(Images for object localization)
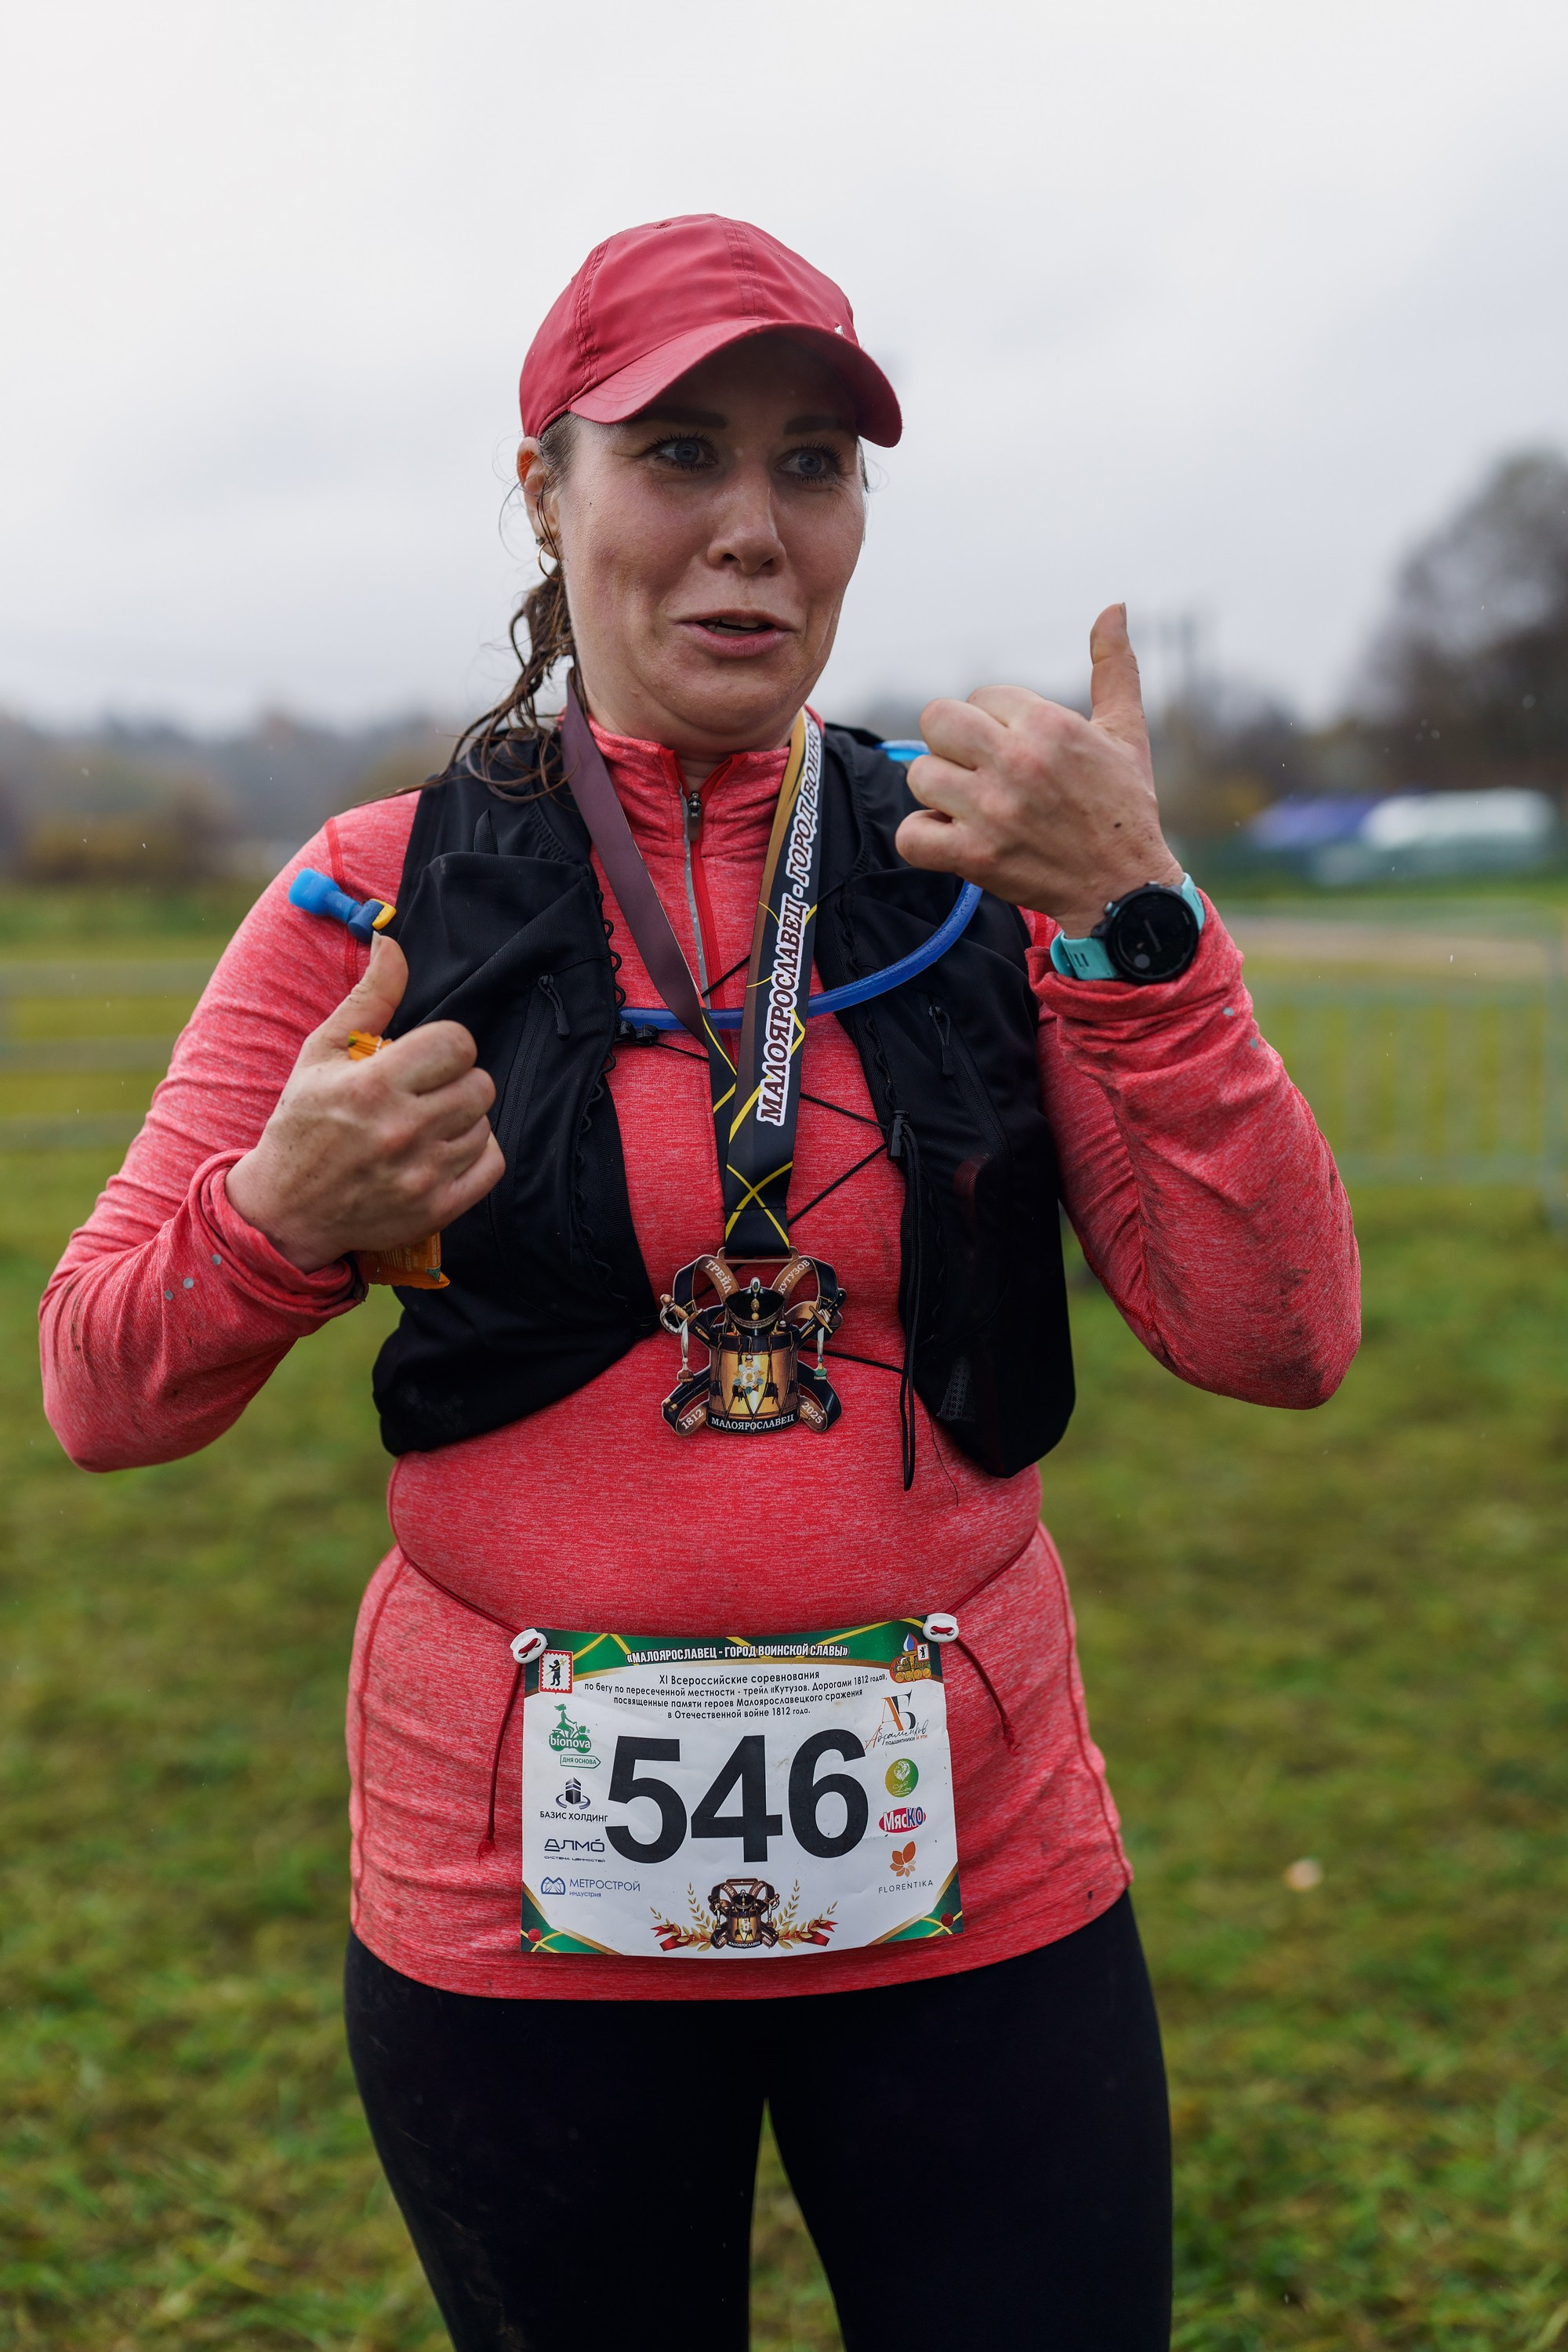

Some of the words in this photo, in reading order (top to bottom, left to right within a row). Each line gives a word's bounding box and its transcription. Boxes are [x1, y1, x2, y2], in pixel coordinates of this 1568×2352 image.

[759, 895, 808, 1123] МАЛОЯРОСЛАВЕЦ
[789, 800, 816, 884] ГОРОД
[705, 1258, 733, 1294] ТРЕЙЛ
[778, 1259, 811, 1295] КУТУЗОВ
[681, 1409, 704, 1430] 1812
[711, 1413, 795, 1431] МАЛОЯРОСЛАВЕЦ
[800, 1401, 824, 1424] 2025
[626, 1646, 717, 1664] «МАЛОЯРОСЛАВЕЦ
[724, 1646, 757, 1658] ГОРОД
[758, 1642, 809, 1657] ВОИНСКОЙ
[810, 1645, 848, 1657] СЛАВЫ»
[596, 1682, 613, 1694] бегу
[626, 1686, 685, 1697] пересеченной
[688, 1688, 735, 1697] местности
[743, 1686, 768, 1697] трейл
[770, 1685, 810, 1696] «Кутузов.
[811, 1679, 852, 1692] Дорогами
[854, 1675, 869, 1686] 1812
[869, 1673, 887, 1683] года»,
[659, 1675, 668, 1684] XI
[671, 1674, 748, 1686] Всероссийские
[750, 1671, 820, 1685] соревнования
[614, 1696, 669, 1708] посвященные
[671, 1700, 702, 1708] памяти
[704, 1700, 734, 1710] героев
[736, 1694, 822, 1708] Малоярославецкого
[825, 1688, 863, 1702] сражения
[674, 1709, 742, 1719] Отечественной
[744, 1707, 769, 1718] войне
[772, 1707, 790, 1716] 1812
[550, 1735, 591, 1748] bionova
[885, 1736, 916, 1746] ПОДШИПНИКИ
[604, 1729, 869, 1864] 546
[539, 1810, 567, 1820] БАЗИС
[568, 1812, 608, 1823] ХОЛДИНГ
[569, 1878, 641, 1892] МЕТРОСТРОЙ
[878, 1879, 934, 1894] FLORENTIKA
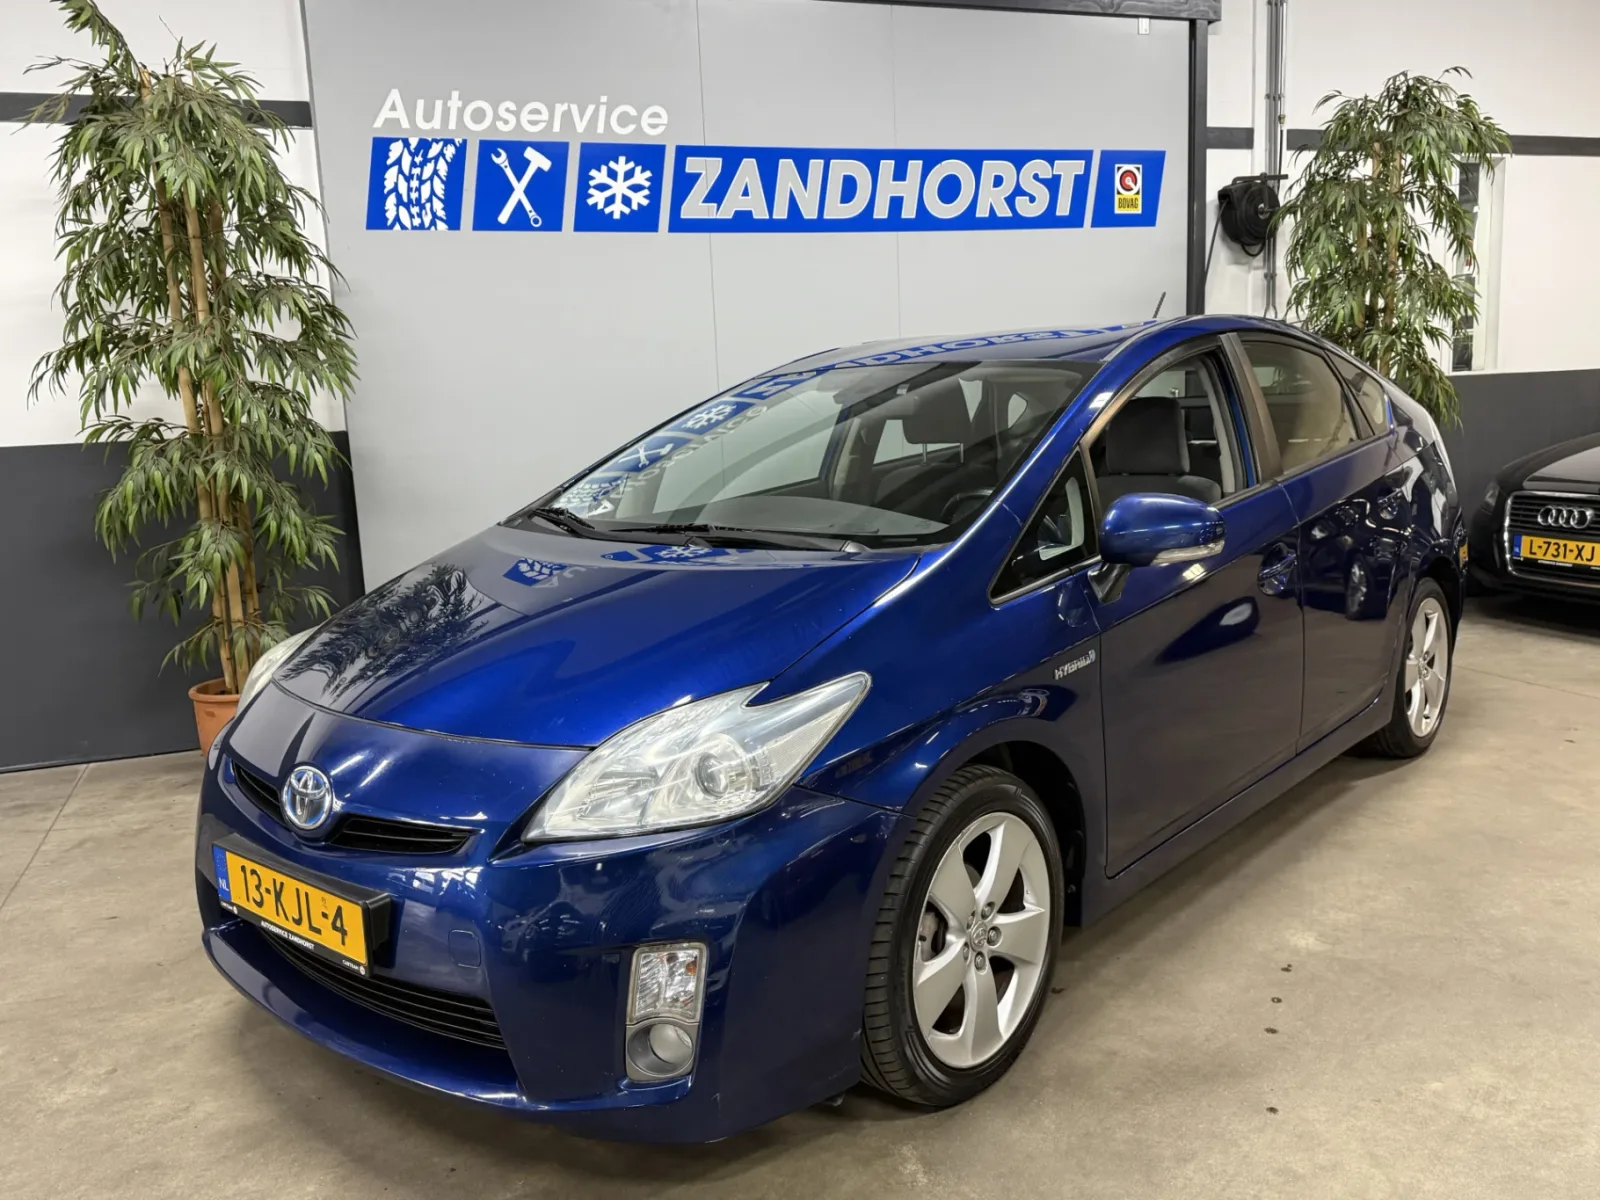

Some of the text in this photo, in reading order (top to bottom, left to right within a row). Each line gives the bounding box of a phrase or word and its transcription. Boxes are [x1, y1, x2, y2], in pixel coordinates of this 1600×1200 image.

[372, 88, 668, 136] Autoservice
[680, 157, 1086, 219] ZANDHORST
[1117, 197, 1139, 210] BOVAG
[1529, 539, 1595, 562] L-731-XJ
[218, 877, 229, 892] NL
[240, 864, 348, 946] 13-KJL-4
[261, 920, 315, 951] AUTOSERVICE ZANDHORST
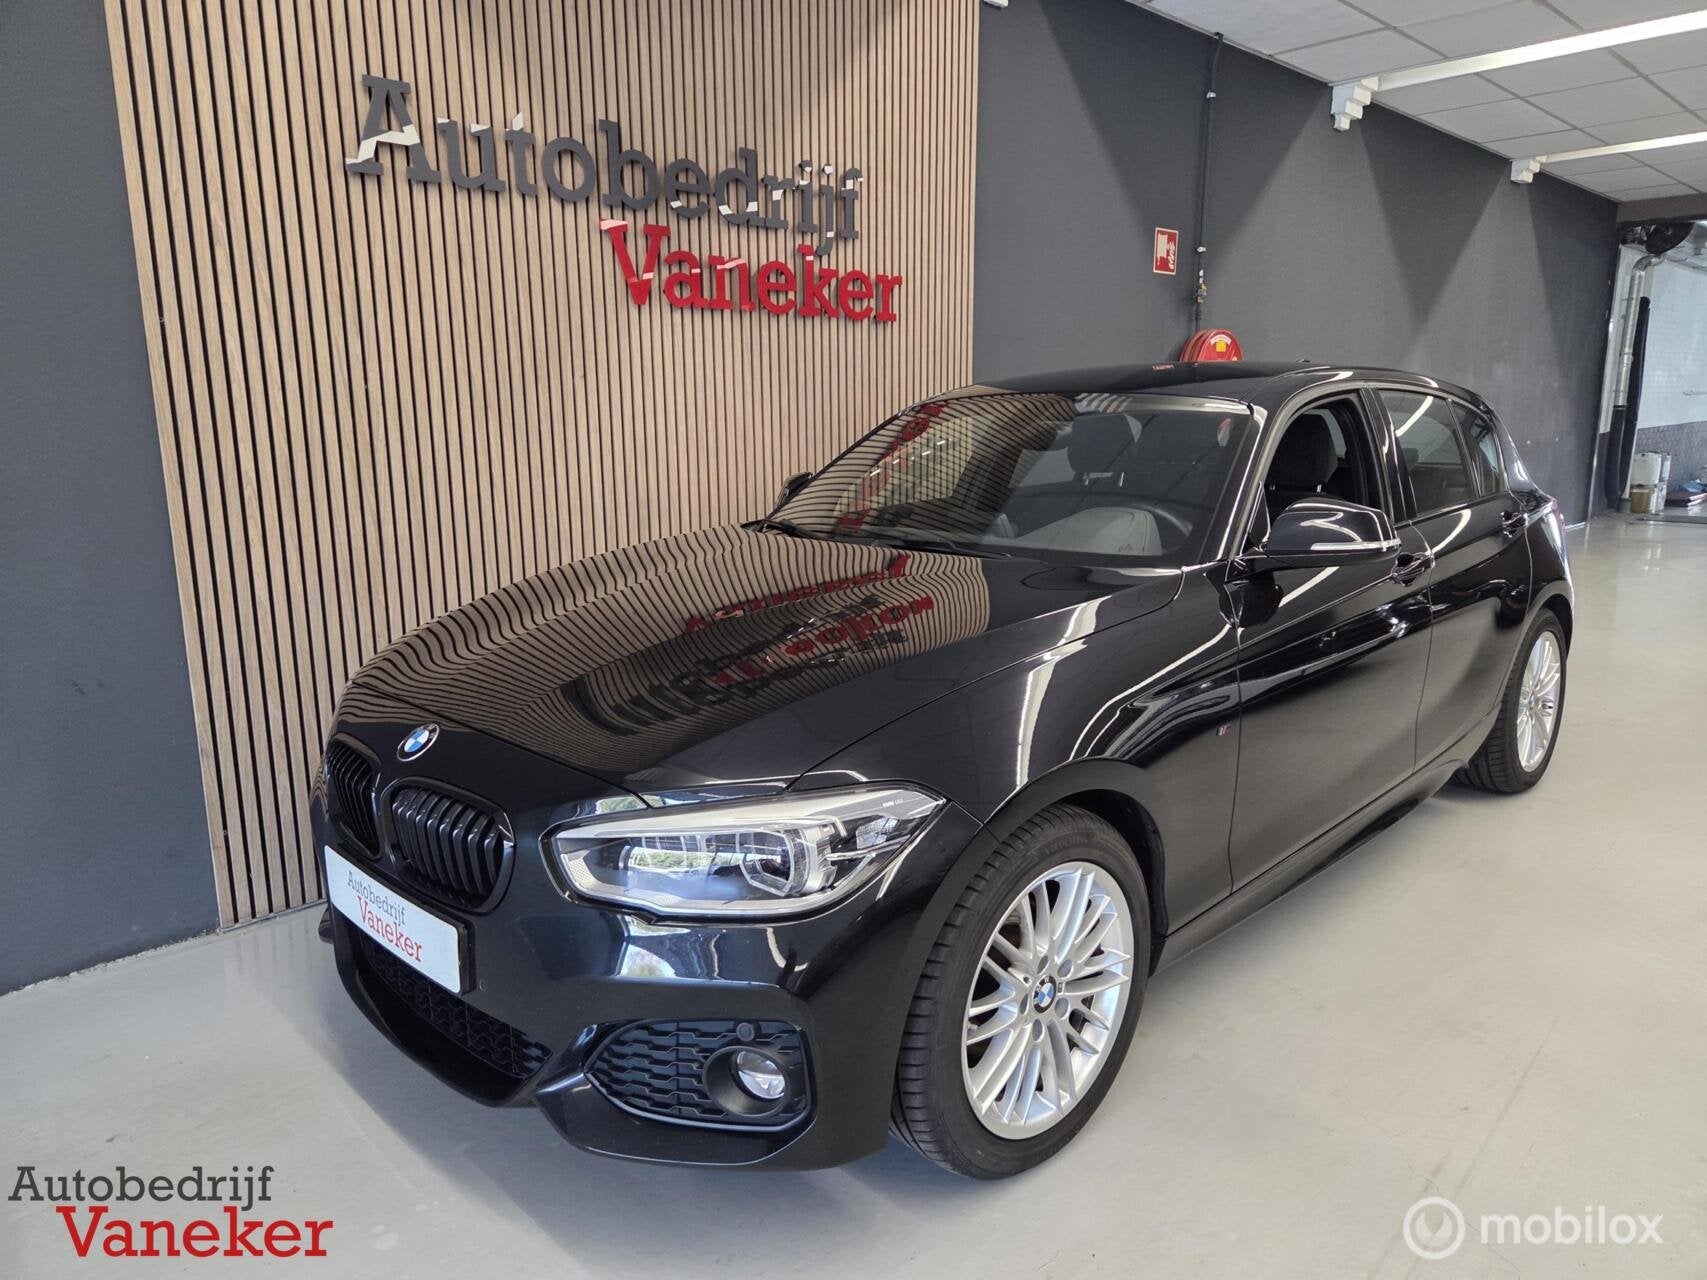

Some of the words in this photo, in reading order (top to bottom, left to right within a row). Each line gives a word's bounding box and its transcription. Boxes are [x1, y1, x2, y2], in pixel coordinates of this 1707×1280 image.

[345, 74, 863, 255] Autobedrijf
[599, 217, 903, 322] Vaneker
[347, 869, 407, 926] Autobedrijf
[357, 895, 423, 962] Vaneker

> Task to complete:
The reply should hold every line of the records unchanged and no pictures.

> Exercise result:
Some of the words in this photo, in reading order (top to bottom, left to right within a row). Each line gives a word's bounding box and its transcription. Boxes are [x1, y1, x2, y2], in pixel coordinates of this 1568×2352 image.

[759, 895, 808, 1123] МАЛОЯРОСЛАВЕЦ
[789, 800, 816, 884] ГОРОД
[705, 1258, 733, 1294] ТРЕЙЛ
[778, 1259, 811, 1295] КУТУЗОВ
[681, 1409, 704, 1430] 1812
[711, 1413, 795, 1431] МАЛОЯРОСЛАВЕЦ
[800, 1401, 824, 1424] 2025
[626, 1646, 717, 1664] «МАЛОЯРОСЛАВЕЦ
[724, 1646, 757, 1658] ГОРОД
[758, 1642, 809, 1657] ВОИНСКОЙ
[810, 1645, 848, 1657] СЛАВЫ»
[596, 1682, 613, 1694] бегу
[626, 1686, 685, 1697] пересеченной
[688, 1688, 735, 1697] местности
[743, 1686, 768, 1697] трейл
[770, 1685, 810, 1696] «Кутузов.
[811, 1679, 852, 1692] Дорогами
[854, 1675, 869, 1686] 1812
[869, 1673, 887, 1683] года»,
[659, 1675, 668, 1684] XI
[671, 1674, 748, 1686] Всероссийские
[750, 1671, 820, 1685] соревнования
[614, 1696, 669, 1708] посвященные
[671, 1700, 702, 1708] памяти
[704, 1700, 734, 1710] героев
[736, 1694, 822, 1708] Малоярославецкого
[825, 1688, 863, 1702] сражения
[674, 1709, 742, 1719] Отечественной
[744, 1707, 769, 1718] войне
[772, 1707, 790, 1716] 1812
[550, 1735, 591, 1748] bionova
[885, 1736, 916, 1746] ПОДШИПНИКИ
[604, 1729, 869, 1864] 546
[539, 1810, 567, 1820] БАЗИС
[568, 1812, 608, 1823] ХОЛДИНГ
[569, 1878, 641, 1892] МЕТРОСТРОЙ
[878, 1879, 934, 1894] FLORENTIKA

Some of the text in this photo, in reading order (top to bottom, left to right within a row). Each line gives the bounding box of a phrase or word and its transcription. Boxes are [x1, y1, x2, y2], in pixel coordinates of this 1600×1200 image.

[372, 88, 668, 136] Autoservice
[680, 157, 1086, 219] ZANDHORST
[1117, 197, 1139, 210] BOVAG
[1529, 539, 1595, 562] L-731-XJ
[218, 877, 229, 892] NL
[240, 864, 348, 946] 13-KJL-4
[261, 920, 315, 951] AUTOSERVICE ZANDHORST

Some of the words in this photo, in reading order (top to bottom, left to right within a row). Each line gives a word's bounding box and its transcription. Boxes are [x1, y1, x2, y2], in pixel coordinates of this 1707×1280 image.

[345, 74, 863, 255] Autobedrijf
[599, 217, 903, 322] Vaneker
[347, 869, 407, 926] Autobedrijf
[357, 895, 423, 962] Vaneker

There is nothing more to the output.